Examiner.com
You may not know the name, you may not agree with his position, but you will hear about him and soon. In much the same way the Chrysler investors wanted their money to be doled out by a bankruptcy judge rather than the executive branch of government, William Frey is ready to do the same thing with mortgage investments.
The basis of his concern is the way the Obama Administration has strong armed most sectors facing bankruptcy. His investment firm of Greenwich Financial has major investments in the secondary mortgage markets. His investments are backed on a contract basis, and thus is his argument with Bank of America. He has warned them, that if they renegotiate home loans to affect the final bottom line of profits per the contract basis, he will sue them to recoup the money lost.

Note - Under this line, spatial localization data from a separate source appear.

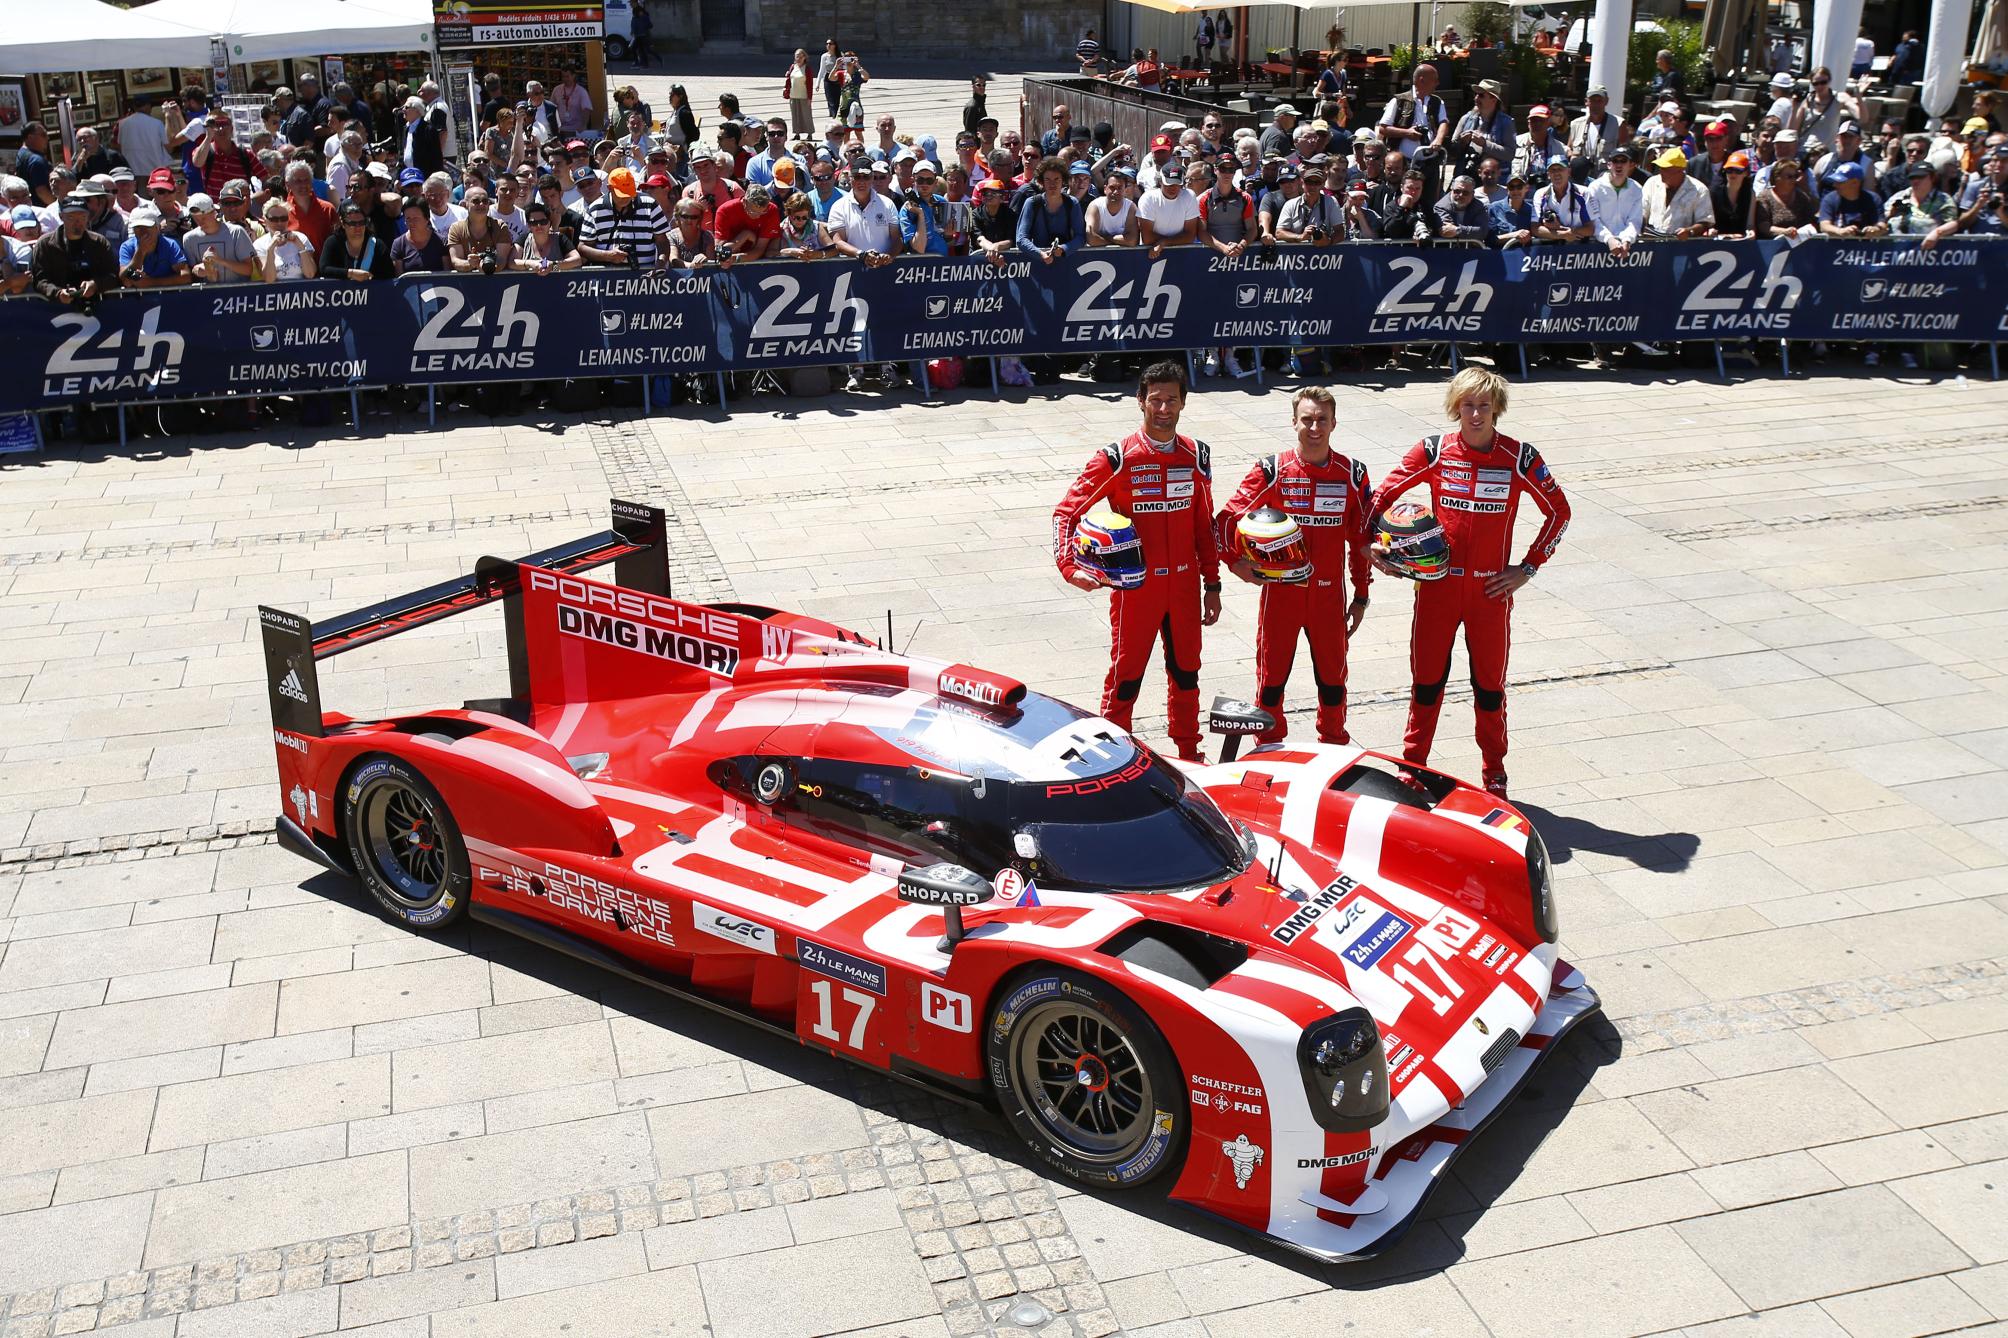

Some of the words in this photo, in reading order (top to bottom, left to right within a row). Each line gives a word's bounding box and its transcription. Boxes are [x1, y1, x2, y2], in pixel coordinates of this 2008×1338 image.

[480, 25, 596, 40] rs-automobiles.com
[1520, 251, 1653, 273] 24H-LEMANS.COM
[1833, 250, 1978, 266] 24H-LEMANS.COM
[895, 262, 1031, 284] 24H-LEMANS.COM
[1681, 250, 1803, 310] 24h
[566, 276, 710, 298] 24H-LEMANS.COM
[1065, 258, 1182, 322] 24h
[1264, 288, 1313, 304] #LM24
[1374, 256, 1494, 315] 24h
[1575, 285, 1623, 302] #LM24
[1889, 283, 1944, 298] #LM24
[213, 289, 368, 316] 24H-LEMANS.COM
[750, 272, 869, 338] 24h
[953, 296, 1003, 314] #LM24
[414, 284, 540, 351] 24h
[630, 313, 683, 330] #LM24
[1368, 318, 1402, 333] LE
[1405, 315, 1482, 332] MANS
[1521, 316, 1640, 334] LEMANS-TV.COM
[1675, 314, 1710, 330] LE
[1712, 313, 1792, 330] MANS
[1832, 314, 1960, 330] LEMANS-TV.COM
[46, 305, 185, 375] 24h
[284, 326, 340, 345] #LM24
[904, 328, 1024, 350] LEMANS-TV.COM
[1062, 325, 1094, 342] LE
[1098, 322, 1174, 340] MANS
[1213, 320, 1332, 338] LEMANS-TV.COM
[578, 346, 706, 366] LEMANS-TV.COM
[746, 342, 780, 358] LE
[784, 336, 862, 356] MANS
[230, 360, 368, 382] LEMANS-TV.COM
[410, 354, 446, 372] LE
[452, 352, 534, 371] MANS
[44, 377, 82, 396] LE
[88, 368, 180, 394] MANS
[612, 504, 650, 518] CHOPARD
[1134, 503, 1164, 512] DMG
[1441, 498, 1470, 510] DMG
[530, 571, 739, 641] PORSCHE
[260, 610, 300, 628] CHOPARD
[559, 606, 638, 648] DMG
[644, 628, 738, 676] MORI
[762, 624, 792, 662] HY
[278, 686, 308, 704] adidas
[940, 675, 984, 703] Mobil
[1212, 719, 1265, 732] CHOPARD
[274, 730, 300, 750] Mobil
[356, 763, 387, 784] MICHELIN
[512, 866, 672, 932] INTELLIGENT
[544, 863, 670, 918] PORSCHE
[898, 882, 979, 904] CHOPARD
[409, 908, 443, 924] MICHELIN
[1273, 906, 1322, 944] DMG
[1334, 902, 1366, 934] WEC
[715, 916, 766, 940] WEC
[1433, 915, 1471, 942] P1
[1350, 943, 1374, 964] 24h
[1367, 935, 1382, 950] LE
[1378, 919, 1400, 943] MANS
[804, 946, 826, 965] 24h
[828, 960, 844, 970] LE
[844, 965, 880, 984] MANS
[1392, 942, 1466, 1017] 17
[1010, 980, 1057, 1010] MICHELIN
[812, 980, 876, 1050] 17
[930, 990, 963, 1027] P1
[1396, 1054, 1424, 1083] CHOPARD
[1192, 1074, 1262, 1096] SCHAEFFLER
[1234, 1102, 1262, 1114] FAG
[1122, 1139, 1163, 1179] MICHELIN
[1298, 1157, 1340, 1169] DMG
[1342, 1146, 1379, 1166] MORI

It seems that once the news circulated in the mortgage circles, the administration a.k.a. the Soprano’s first term, has acted with swiftness with their own threats. Democrats Barney Frank of Massachusetts, Maxine Waters of California, Luis Gutierrez of Illinois, Paul Kanjorski of Pennsylvania, Carolyn Maloney of New York, and Melvin Watt of North Carolina, otherwise known as the usual stirrers of the porcelain bowl answered accordingly. "Your decision is a serious threat to our efforts to respond to the current economic crisis, and if this cannot be arranged on a voluntary basis, then we will pursue further steps."
Frey is ready and willing to pursue this matter in court, and has already served suit papers to Countrywide Financial. This will set the precedence for further legal actions regarding the ignoring of contracts, or shall we say the ones only beneficial to the Administration.